Sunday, September 30, 2012

An Anniversary THANK YOU

I tell him I love him every day. EVERY. DAY.  Even on the days he drives me a little crazy. Even on those days, I love him more than I thought possible. Maybe that sounds mushy or sappy.  I don't care. I've waited my whole life to find this..to find HIM.

Today, we celebrate our 7th anniversary. In those 7 yrs. I don't think there has been one day, not one, that I haven't told him I loved him. But what I'm not sure I've told him, or told him enough anyways, is thank you.

So.....

Thank you Joel.

Thank you for everything.  For having enough foresight to slow things down in the beginning. For recognizing that when we met, I wasn't ready for "us". Thank you for not wanting to be the rebound and waiting to be the right one.

Thank you for being such an incredible dad.  For loving your kids beyond measure and for proudly showing that love in everything you do.  There is nothing sexier than a dad who loves his children...nothing.

Thank you for being there for me in both the good times and the bad...especially, the bad. I don't know how I would have gotten through losing my dad if I didn't have you to lean on.  You are my rock and my soft place to land all wrapped up in one. You always seem to know just what I need. Whether that is to be left alone or needing to lie in "my spot" because it's the only place I can breathe. You just always know.

Thank you for always making me feel beautiful and special, even in those times when I couldn't feel further from it. For always seeing the best in me, when I seem to see nothing but the flaws.

Thank you for making me laugh...every. day. Even on the days I don't feel like smiling you always find a way to bring laughter into my life.  You always find a way to make my soul smile. You are my light on the darkest of days.

Joel, thank you for being you.  The you that takes 20 minutes to tell a 30 second story. The you that dreams big dreams with me, and works hard every day to make those dreams come true. The you that is sweet and tender, and even the you, that sometimes says things out loud I wish you wouldn't.  You are authentic and honest and those qualities are hard to find in people these days. I am so very proud of the man you are Joel and I am incredibly blessed to be your wife.

Happy Anniversary Honey... I Love You!

Thursday, September 27, 2012

JUST a Stepmom...

At first it was a choice.
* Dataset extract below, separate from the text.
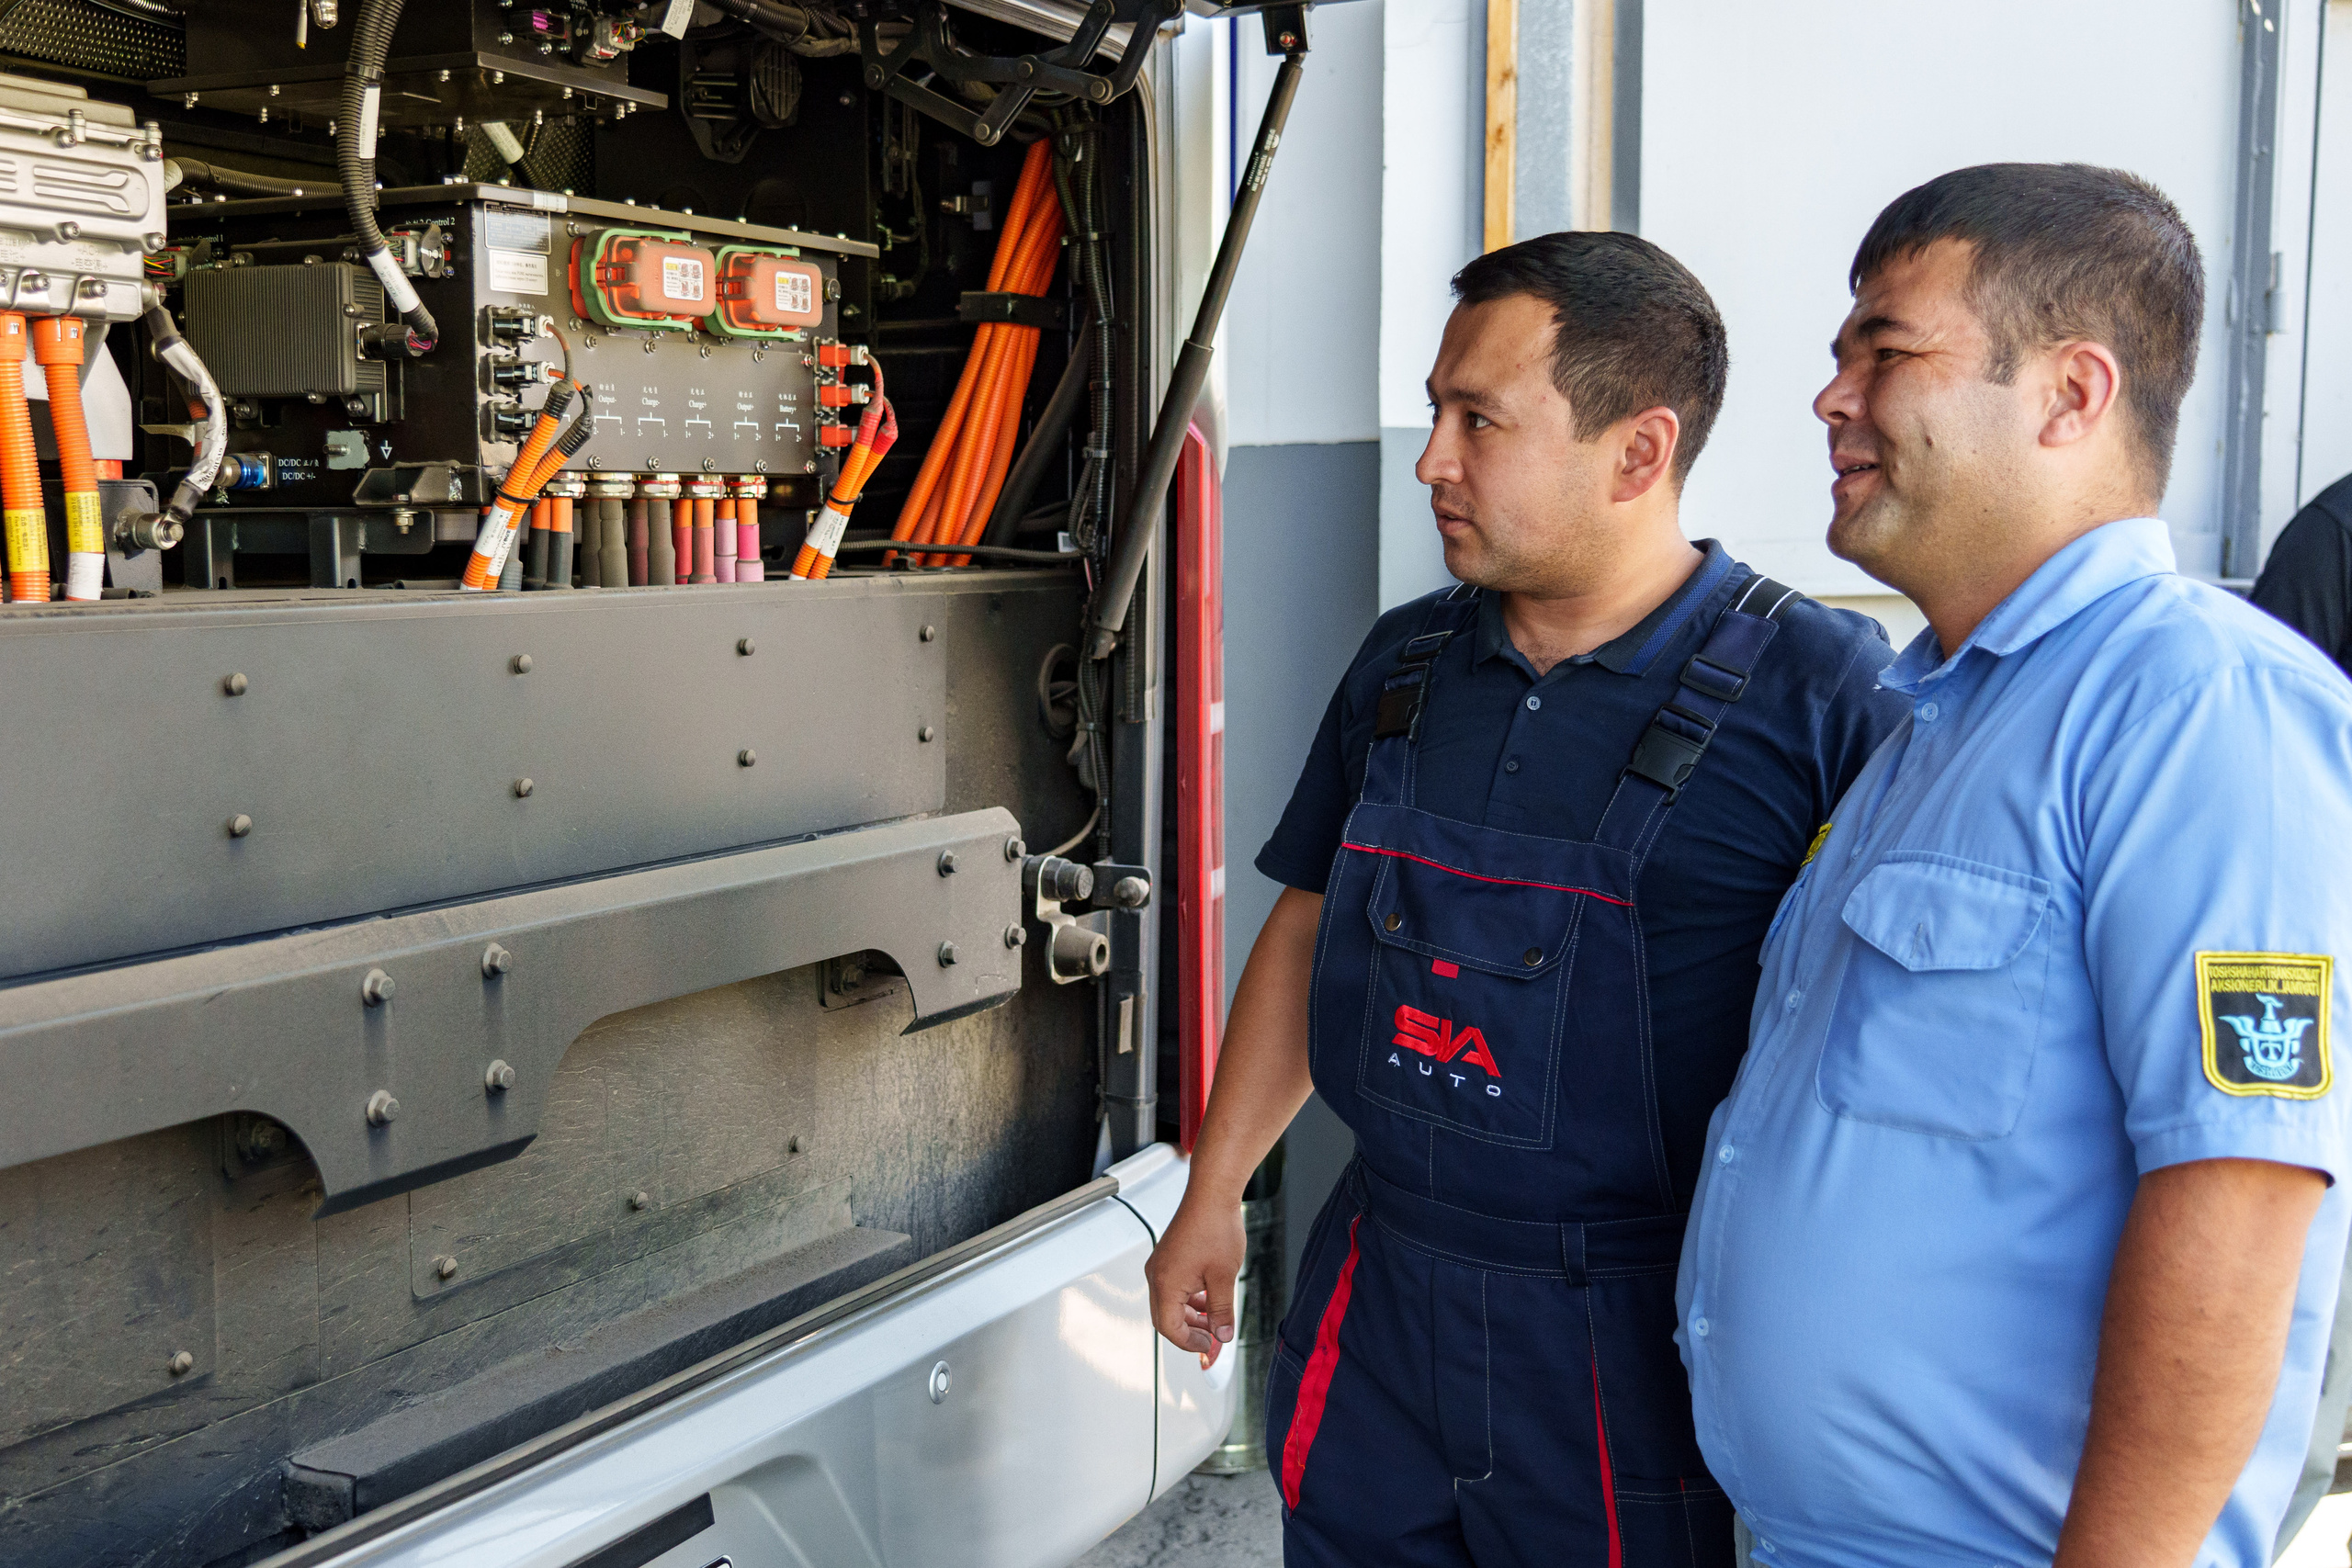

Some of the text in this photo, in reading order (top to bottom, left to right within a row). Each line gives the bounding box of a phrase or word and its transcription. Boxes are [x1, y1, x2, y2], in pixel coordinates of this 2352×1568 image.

[198, 234, 219, 243] Cntrol
[277, 458, 301, 468] DC/DC
[282, 472, 306, 480] DC/DC
[1387, 1052, 1501, 1097] AUTO
I had plans, you know.

Funny thing about plans, they don't always go as planned. By the time I was ready, by the time I had found the right man, by then, it was too late. And so now, I live with the fact that I will never have children of my own...ever.
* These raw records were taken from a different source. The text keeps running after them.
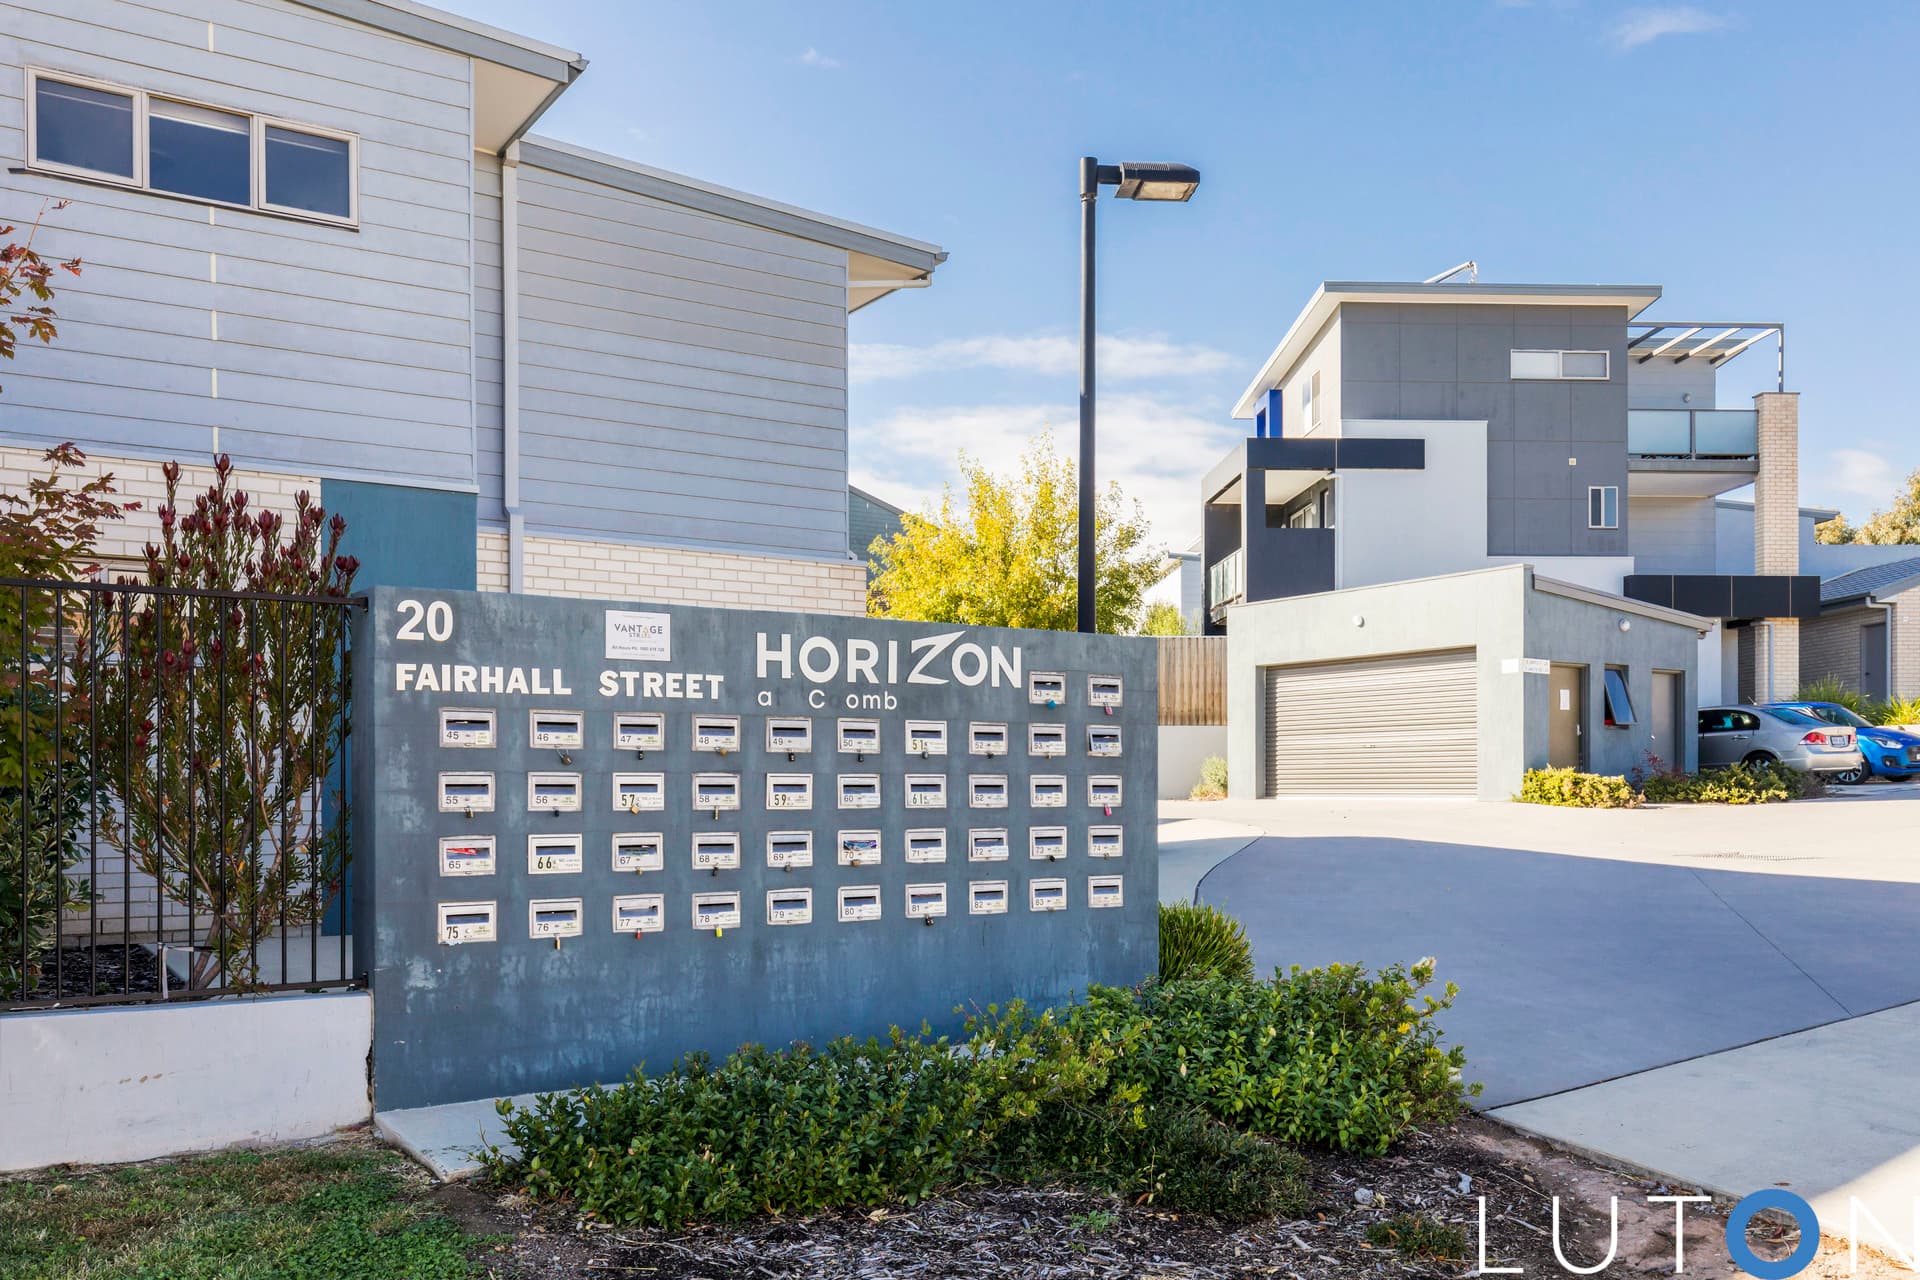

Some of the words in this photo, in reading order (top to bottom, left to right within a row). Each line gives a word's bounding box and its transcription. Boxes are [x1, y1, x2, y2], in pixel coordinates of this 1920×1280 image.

[396, 600, 454, 642] 20
[756, 630, 1022, 689] HORIZON
[396, 663, 573, 696] FAIRHALL
[598, 670, 725, 701] STREET
[446, 731, 459, 740] 45
[536, 733, 549, 742] 46
[620, 735, 632, 743] 47
[698, 737, 710, 745] 48
[772, 738, 784, 746] 49
[843, 739, 853, 747] 50
[912, 739, 924, 750] 51
[446, 795, 458, 805] 55
[535, 795, 548, 804] 56
[621, 794, 635, 807] 57
[699, 795, 710, 803] 58
[774, 793, 787, 806] 59
[912, 793, 923, 805] 61
[975, 794, 984, 802] 62
[843, 851, 854, 859] 70
[912, 849, 920, 857] 71
[975, 848, 984, 856] 72
[620, 856, 631, 864] 67
[699, 855, 710, 863] 68
[773, 853, 784, 861] 69
[448, 860, 461, 869] 65
[537, 856, 552, 870] 66
[699, 915, 710, 923] 78
[773, 911, 785, 919] 79
[619, 918, 631, 927] 77
[537, 923, 549, 932] 76
[446, 926, 459, 939] 75
When I was younger I never gave it much thought.  I never had an overwhelming maternal instinct.  Never sat around doodling the names of the children I would have one day. No, I guess I figured it would happen when it was right.  When I was ready. I never considered that when I was ready, it would already be too late.

Don't get me wrong, physically I could have had children, but it was like that window of opportunity was closed. The man I fell in love with, he already had two half-grown children. He wasn't at a place to start over again, I knew that.  We talked about that. So, I made a choice. I chose to love him anyway, and to also, love his children.
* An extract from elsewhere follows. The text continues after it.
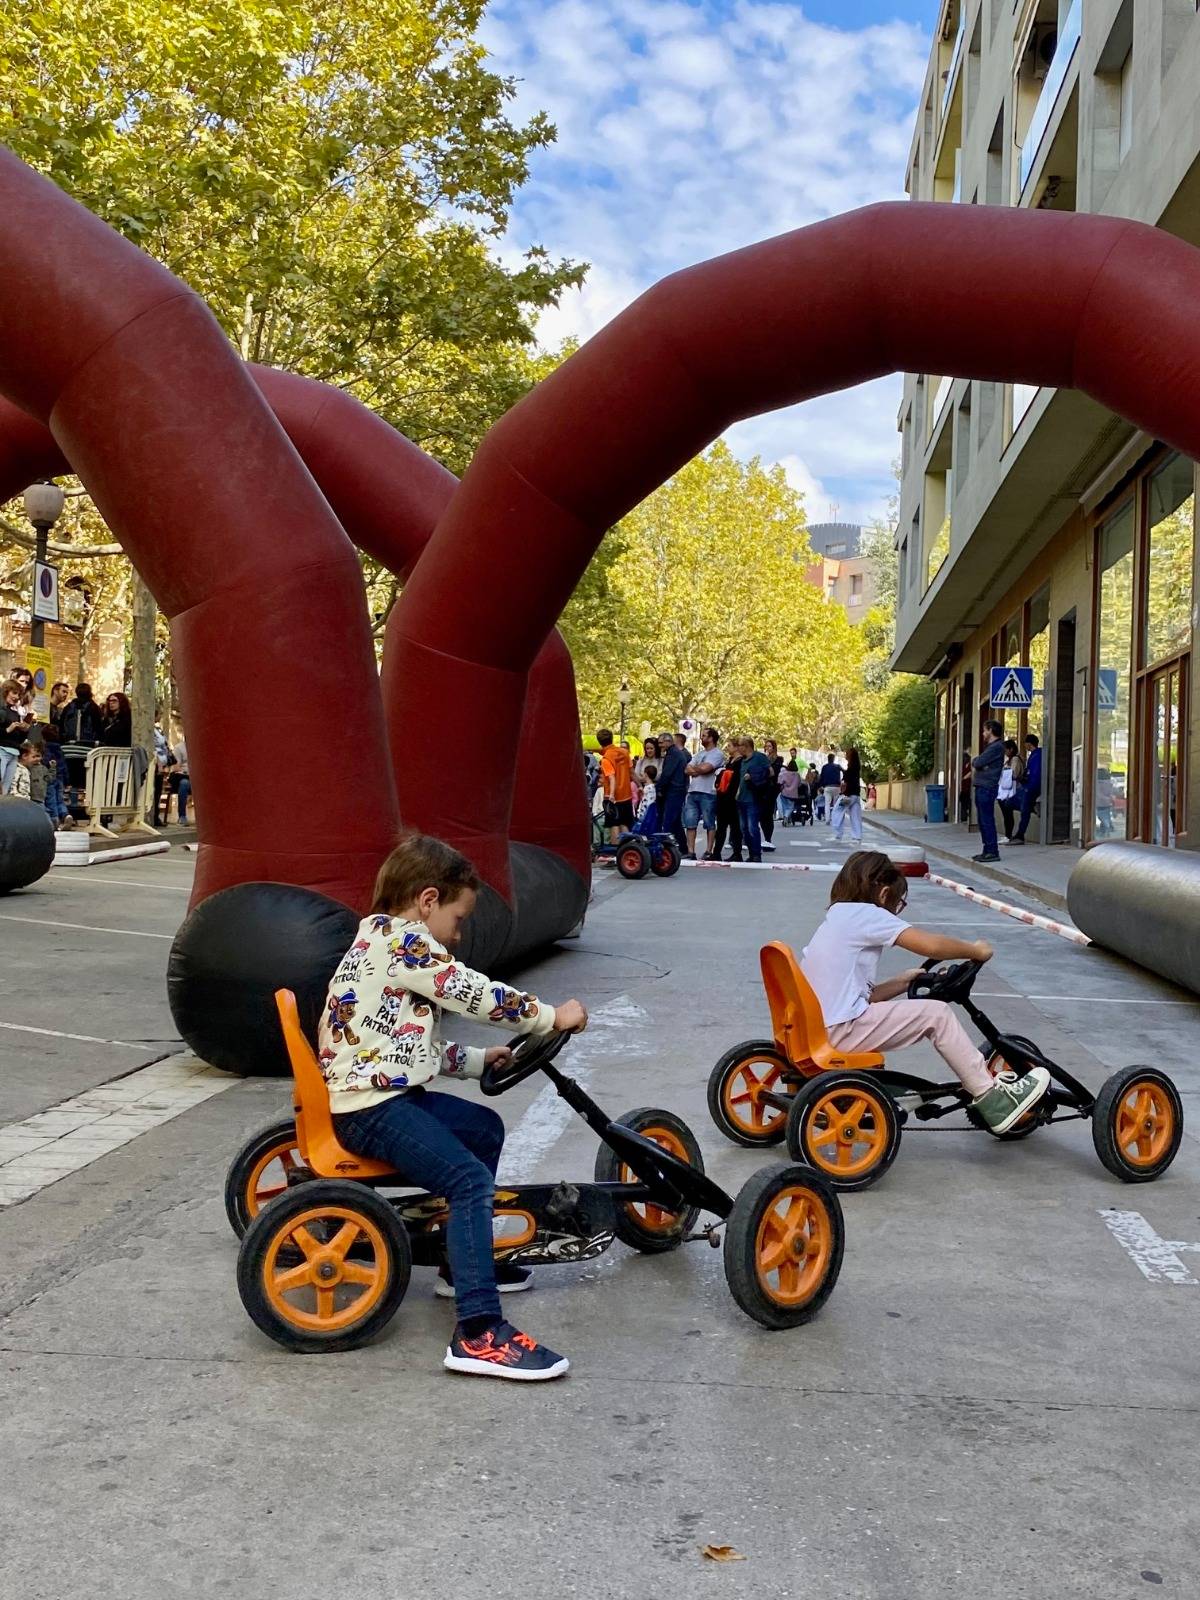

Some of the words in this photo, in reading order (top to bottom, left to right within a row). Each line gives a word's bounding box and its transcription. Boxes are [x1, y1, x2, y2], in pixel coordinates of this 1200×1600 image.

[455, 979, 474, 1003] PAW
[376, 1006, 398, 1027] PAW
[395, 1043, 415, 1055] AW
No, I would never be a mom.  I would choose instead, to be a stepmom. And it's been both the hardest and the best decision of my life.

Being a 'stepmom' is hard.  First,  you must have thick skin..VERY thick skin. You will hear, more times than you can count, "Oh, you're just the stepmom? Don't you have any real kids?"  You will be expected to sacrifice and care for these children as they are your own, but you will be reminded in many different ways, they are NOT your own. You will love them, but you will always worry that their love for you is conditional. You will worry that if you allow yourself to love these children too much, you will only end up hurt.  And you will worry, that you are stepping over the line in every situation.

I am NOT their mom.  I have no delusions about that. My stepkids have a mom and she is 100% present in their lives.  I WANT them to have a great relationship with their mom.  I will always want that for them.  Why?  Because I LOVE them, that's why.  Because the relationship between mother and child is so very, very important.

I am always trying to balance doing enough, but not doing too much. To giving enough, but not expecting much in return. No, it's not easy, but I can't imagine my life without them in it. I am fortunate that their real mom includes me in their lives.  I am sure it is not easy for her either.  I can't imagine feeling like you are sharing your children with another woman.  Early on, it was difficult.  We knocked heads a few times (maybe more than a few).  There were unpleasantries said from both sides, but there was a learning curve to figure out...for both of us. She needed to draw that line in the sand... making sure I knew she was the MOM.  I needed to make her understand that I was here to stay and that I needed to be respected for the role I would play in her children's lives. It's been a roller coaster at times, but I think we have navigated our family dynamics the best we know how. I hope, always putting the interests of the kids before our own.

So yes, I may be just a stepmom, but I hope I am being the best stepmom I can be.